No somos necesariamente el salario con que quieren dar por buena nuestra amargura. ¿En qué mundo vive la gente que piensa lo contrario? Desde luego que no en el de la mayoría. Pero es mejor inventarse un limbo cotidiano y ahorrase el dolor de enfrentar ciertas injusticias. Obsesionados con la falta de empleo, hemos confundido el trabajo con nuestra esencia. ¿Marx, dice usted? Vamos, hombre, no empecemos con miserias de contrasolapa. Marx pensaba lo contrario. Solo el trabajo se hace la esencia de lo que somos cuando el derecho de existir no cuesta tanto trabajo. ¿No entiende lo que quiero decir? Pues piense un poco más. ¿Qué quiere que le diga? Por lo demás, le aseguro que el viejo Marx estuvo mucho más cerca de la experiencia de los millones de neoexiliados del mundo de hoy, que del estatus que cree disfrutar un diseñador de Zara de treinta y pocos, con estanterías de Ikea, algún libro de la Bauhaus y unas gafas de pasta que sean tan “cool” como el disco de Miles Davis que siempre pone para follarse a alguna coolamiguita sin pasar por un simple y llano australopithecus con gónadas de grandeza.
Sí, follar. ¿Qué es lo que le parece inadecuado? ¿El acto, la palabra? Tal vez ambas cosas. Pues lea este artículo en “prime time”, cuando los niños y las gallinas ya sueñen con juegos y cacareos. ¡Ah, olvidaba que no existe “prime time” de lectura! Puede que tampoco queden demasiados niños que sueñen, pero sí muchos cacareos. ¿Ahora el problema es que haya dicho neoexiliados?  ¡Caray, cuántos problemas tiene usted! Debería ser escritor. ¿Y por qué se escandaliza de eso y no de que una idiota con salario público, pero intereses privados, nos haya llamado aventureros? ¡El emigrado Livingstone, supongo!

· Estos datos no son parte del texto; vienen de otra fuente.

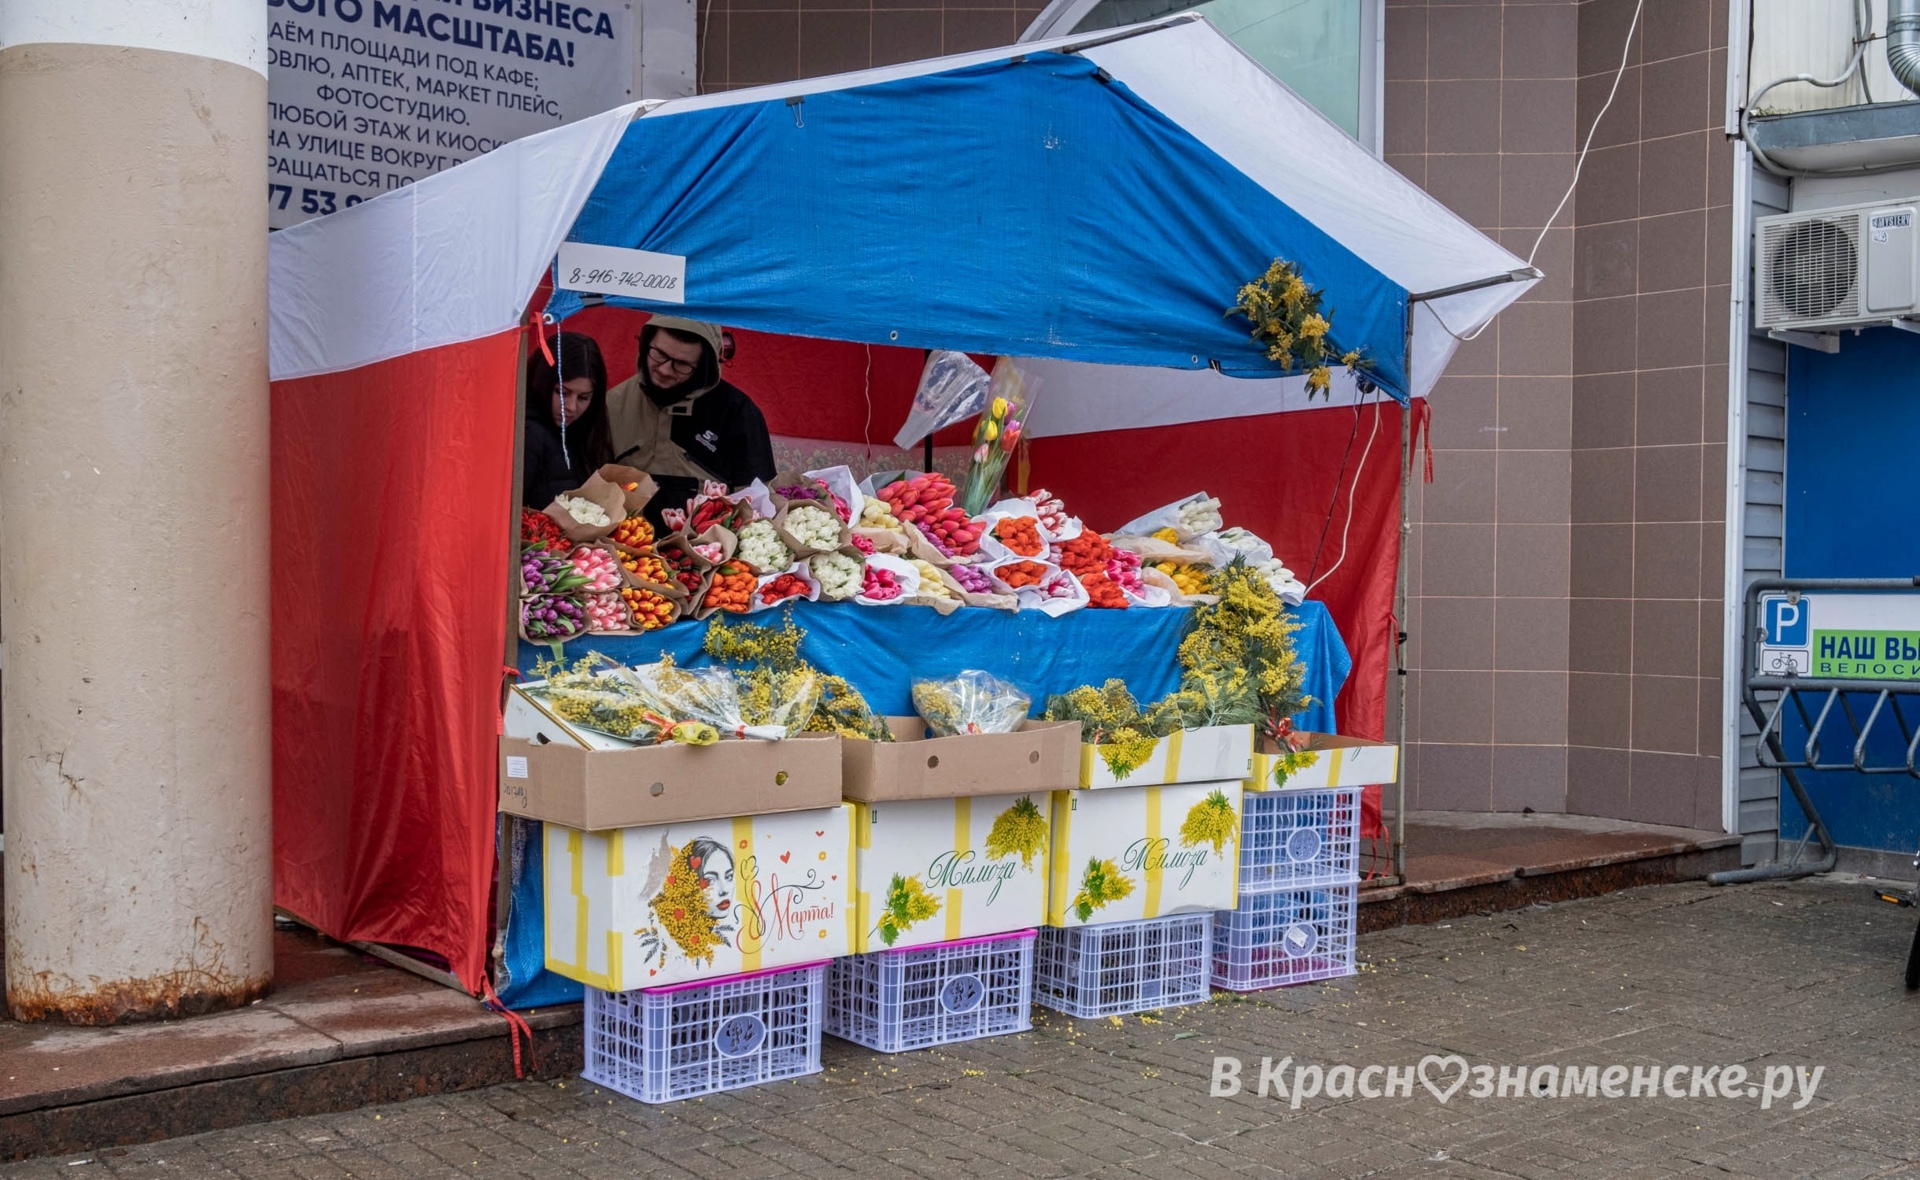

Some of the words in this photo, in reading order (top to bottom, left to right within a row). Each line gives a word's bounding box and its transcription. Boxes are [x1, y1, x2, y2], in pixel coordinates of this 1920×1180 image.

[373, 0, 575, 68] МАСШТАБА!
[268, 20, 314, 46] АЁМ
[321, 31, 430, 68] ПЛОЩАДИ
[436, 54, 478, 80] ПОД
[483, 63, 539, 92] КАФЕ;
[316, 84, 470, 127] ФОТОСТУДИЮ.
[341, 62, 411, 93] АПТЕК,
[416, 75, 492, 105] МАРКЕТ
[496, 91, 563, 121] ПЛЕЙС,
[353, 116, 411, 142] ЭТАЖ
[417, 127, 430, 145] И
[297, 133, 365, 162] УЛИЦЕ
[371, 145, 447, 172] ВОКРУГ
[301, 188, 338, 216] 53
[569, 268, 678, 289] 8-916-742-0008
[1776, 603, 1800, 642] P
[1820, 636, 1876, 660] НАШ
[926, 850, 1017, 906] Мимоза
[1121, 837, 1209, 891] Мимоза
[765, 873, 834, 941] Марта!

Y usted, ¿que hace? Soy artista. ¿Artista? ¿Y vive de eso?... Oh, sí. Gracias al arte logro que hasta usted lo haga. ¿Yo? Evidentemente. Si no escribiera, le aseguro que la mataría en este mismo instante. Antesala del fin de un segundo diálogo, casi tan estúpido como el primero, con una señorita que me amenaza con denunciarme por amenazas. ¡Qué gracioso círculo...! Dígame: ¿es usted viciosa? Ahora añade a su amenaza un delito de acoso sexual. De todas formas no pueden condenarme por actuar en legítima defensa. No se imagina usted el daño que a un ser tan sensible como yo puede provocarle una criatura tan vulgar como usted. Y usted no se imagina por lo que lo podrían condenar en un país como este. Vaya, en eso tiene razón. Por eso me he largado de él y por eso usted solo es un producto de mi imaginación. Ya le había dicho que vivía gracias a mi arte. Ahora, sí, fin del segundo diálogo y blablabla...

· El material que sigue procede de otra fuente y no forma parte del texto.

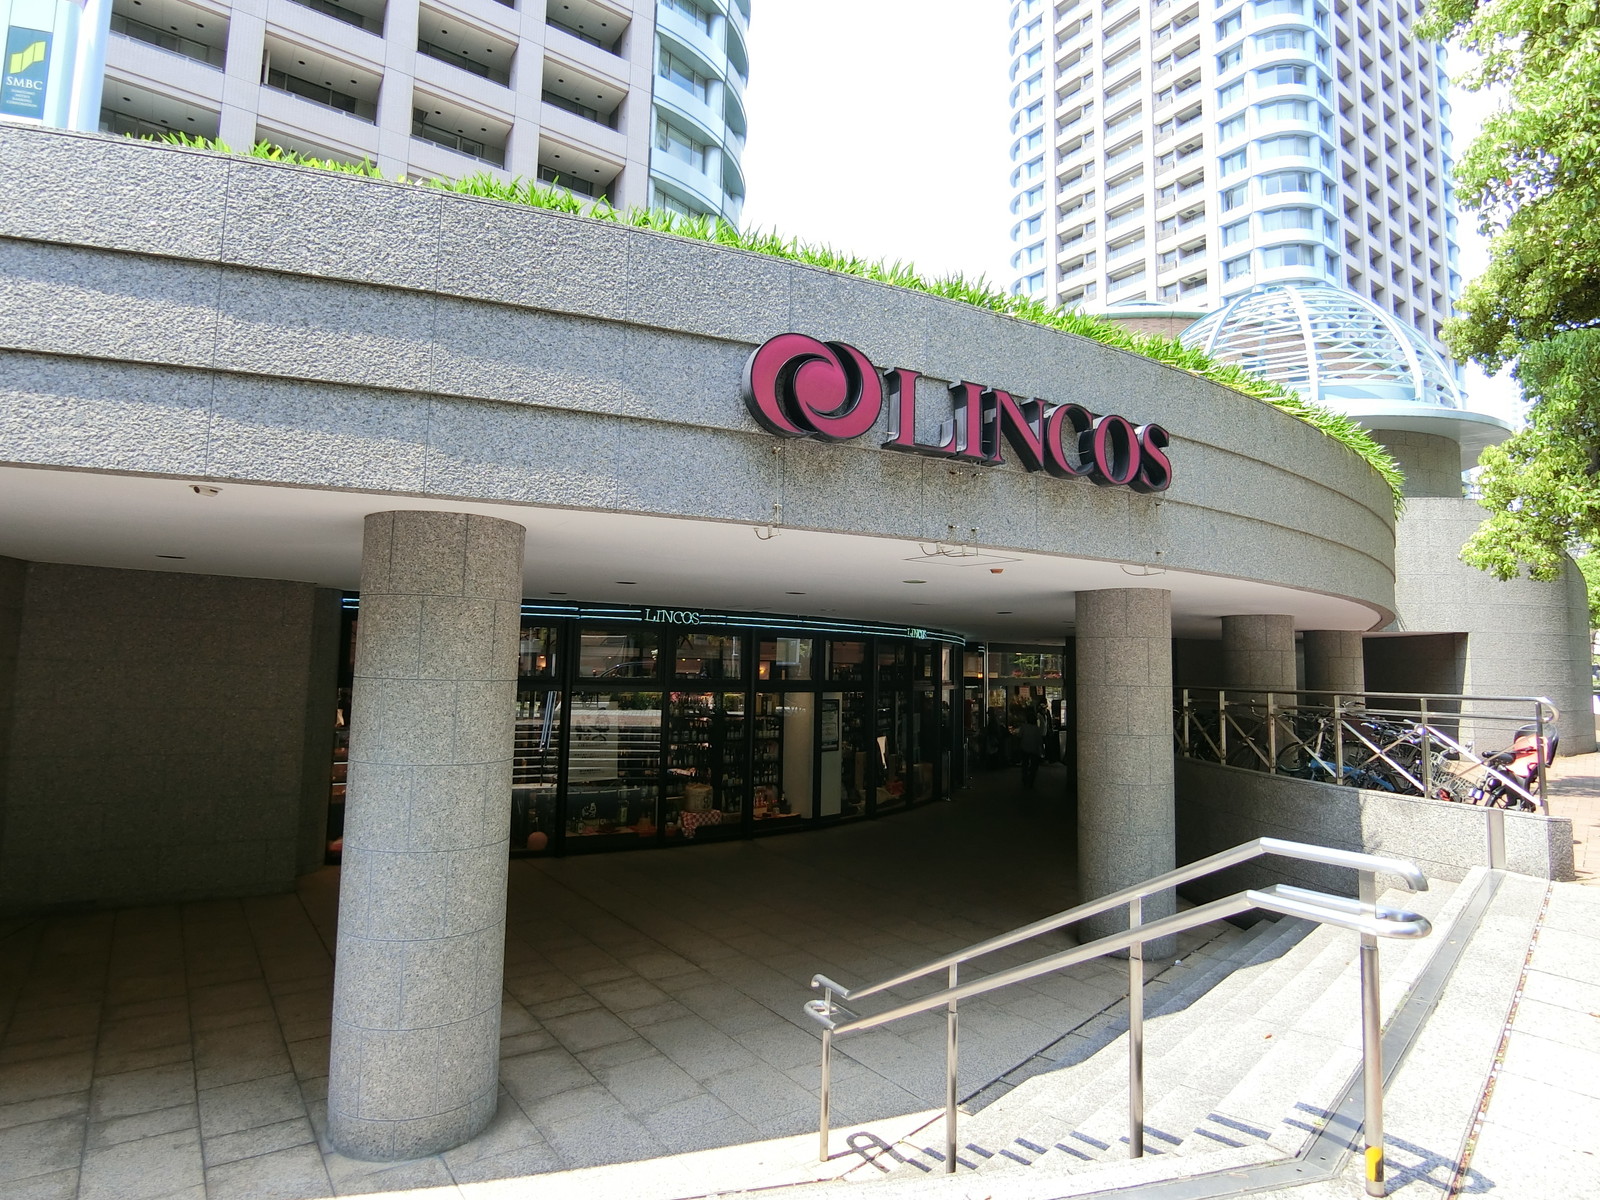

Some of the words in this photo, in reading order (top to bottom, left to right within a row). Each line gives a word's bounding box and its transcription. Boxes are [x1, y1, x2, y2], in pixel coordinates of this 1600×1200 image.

[6, 76, 43, 91] SMBC
[881, 367, 1173, 495] LINCOS
[644, 608, 700, 625] LINCOS

Y hablando de blablabla. ¿Sabían ustedes, sus señorías, que fue Céline el que inventó esa expresión del blabla que tan bien define lo que sus señoría hacen? ¿Quién? Céline. ¡El nazi! No, el escritor. ¡El antisemita! No, el genio. El hijo de puta! Ese mismo, pero, dentro de los hijos de..., el que escribía como Dios.
Estoy cansado. Son casi las nueve y alguna paloma aún gorjea en el techo con un canto que suena a elegía. La tarde se retira a morir a solas. Las campanas de la iglesia sonarán en un momento y todo quedará cubierto de esta falsa paz que es solo soledad y silencio. Va a llover antes de las diez. Creamos para no reventar. Eso es escribir, danzar, actuar, cantar, pintar o tocar para vivir. Pero nos provocan constantemente, nos juzgan, nos insultan, nos menosprecian. Nos escatiman el dinero para luego preguntarnos si vivimos de lo creado. La estrategia para un crimen sin huellas. Escribimos para no reventar, pero ellos quieren que reventemos, a solas, en un rincón, como la tarde, pero sin palomas ni elegías. El problema, en cambio, no son ellos, sino ustedes. ¿Por qué lo permiten? Claro que dejan huellas, huellas enormes. ¡Mírenlas! ¡Salgan a la calle y miren, escuchen el aullido desesperado de los hombres! Allí las encontrarán. Olvídense del antropoide de Zara. Las primeras gotas han comenzado a golpear el techo y la noche se ha venido encima... de todos nosotros.